Yes. It puts your peak advance at 34*(35* is as fair as you can go without hurting performance). The main difference is with the 6* key/ module combo is it puts the initial advance at 11* . 

See the stock initial advance is 3*. The advance is kept low by the low speed retard built into the stock cdi. The retard holds it there till you reach 5mph. After that it goes to 5* then climbs to 28*. The stock cdi then drops the advance down to around 24* until it hits the rev limiter. 

The module takes away the lowspeed retard so it starts out at 5* advance but the rest of the advance mapping is the same as stock.

With the 6* key/ module combo it starts out at 11* advance , goes to a peak advance of 34* and drops to around 30* at the limiter.

The Dyna starts out at 5* but rises rapidly to 31*, but, holds it at 31* till it hits the limiter. With the 4* key / Dyna combo it would start out at 9* and peak at 35* and hold it to the limiter. 

I have rode other brutes with just the Dyna and I would say the 6* key/ module combo pulls much harder at the bottom end but it fades more on the topend because of the topend detune built into the stock cdi.
I like the combo better for the riding I do. I need most of my power in the lower 2/3 of the powerband .


----------



## josh13 (Jan 20, 2009)

Sounds like what I want. Thanks!!!! I love this place!!!!:374230:
When I open the case will that void my warranty.


----------



## chemoman23 (Jan 5, 2009)

why can't you get on hl


----------



## Polaris425 (Dec 16, 2004)

They banned me because Im way to cool........................


----------



## FABMAN (Dec 18, 2008)

I wish I was that cool. lol


josh13 said:


> Sounds like what I want. Thanks!!!! I love this place!!!!:374230:
> When I open the case will that void my warranty.


 ^
yes if they find out. IF! do not buy anything from a dealer if you want a warranty. and do it right and no one will be the wiser. the book is on here so no worry there. this is a good mod and cheep if you do it your self. DG told me they make more power with the DG5 & the key then the Dana cdi.

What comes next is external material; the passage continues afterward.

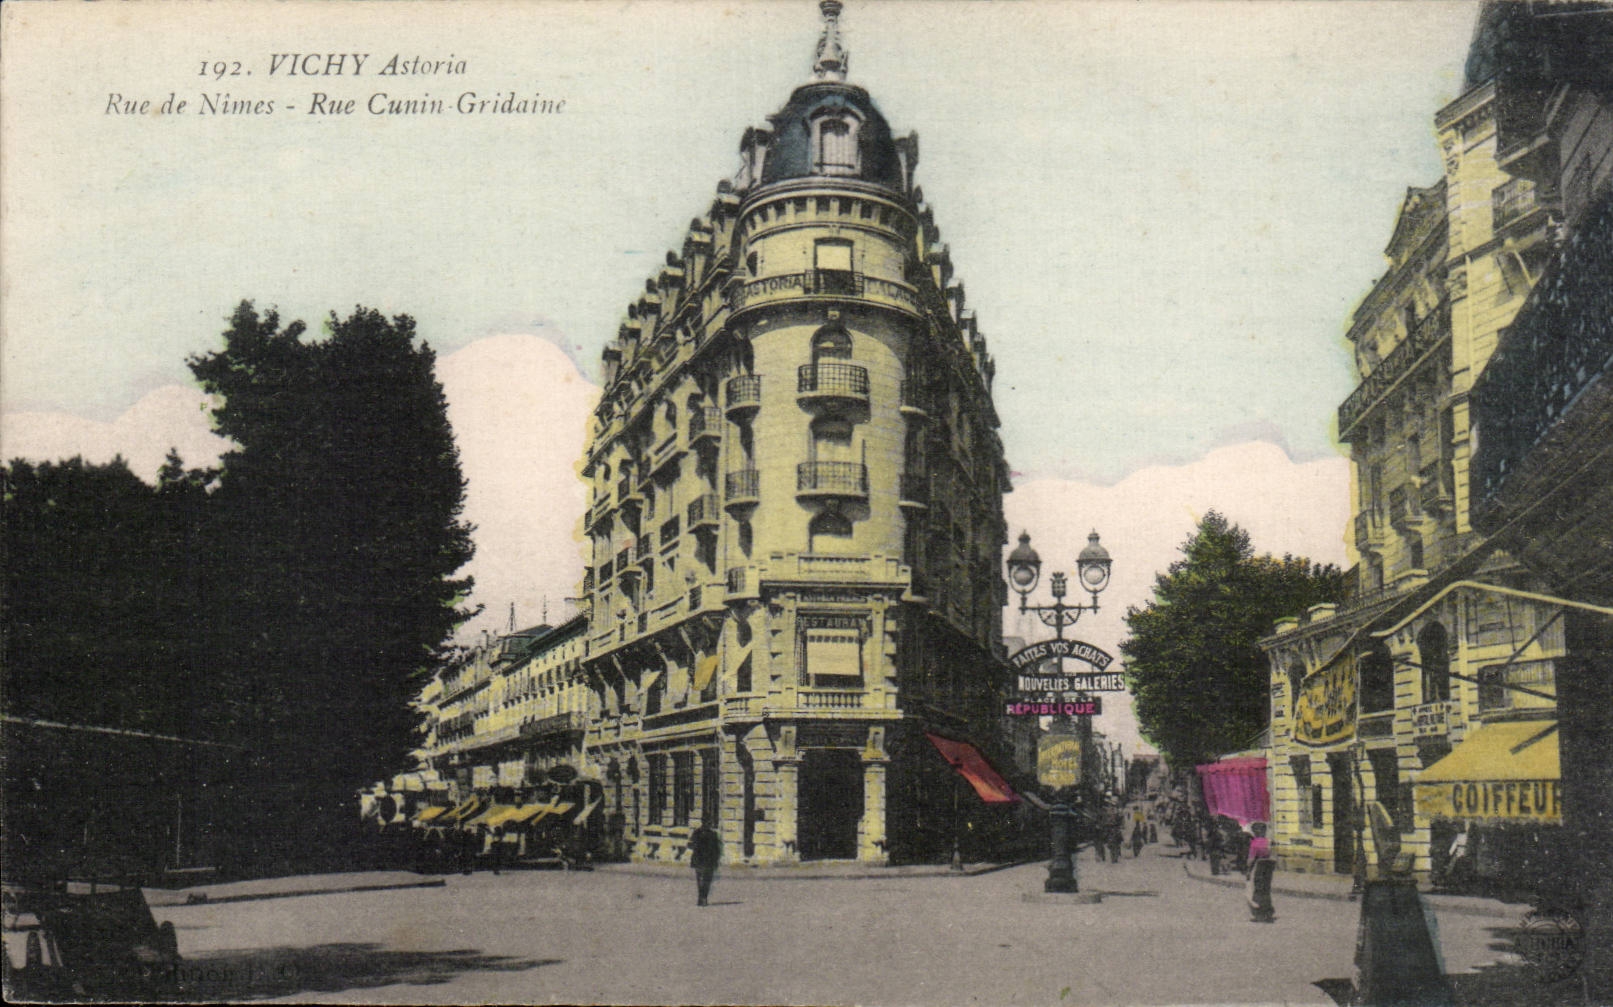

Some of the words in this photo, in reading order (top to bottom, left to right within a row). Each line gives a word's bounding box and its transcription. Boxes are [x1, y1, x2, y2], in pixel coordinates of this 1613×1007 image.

As far as wheelies. I'm 200lbs and to keep my front down I need all of my 200 to be on top of my bars stock (on tar). Mash it all the way and hold it till your up. Hay are you in low? Keep it in high if you got stock tiers.


----------



## josh13 (Jan 20, 2009)

I guess I can buy a new gasket online. I am 170lbs and running in high and i have to hit a small bump to get a wheelie out of it. once it does come up I can keep it there for a little while. I'll just keep tinkering till I get it the way I want it.


----------



## cigaro (Dec 18, 2008)

*IMPORTANT!!!!

One thing you will want to keep in mind after you install the key is that your TDC marks on your flywheel will be off. To find TDC you will need to use a piece of coathanger stuck in the sparkplug hole. Roll the crank over slowly until you feel the piston rise to the top and with both sets of valves closed. *


----------



## josh13 (Jan 20, 2009)

can I check the piston on either cylinder? What is the best way to know the valves are closed? do I need to pull the covers off on the top? Thanks for the heads up I figured the time would need set.


----------



## cigaro (Dec 18, 2008)

The installation the key doesn't effect the timing of the pistons or cam since you will not be removing any of the chains. But you will need to use that process later if you decide to set the valves , change cams , timing chains ect.... 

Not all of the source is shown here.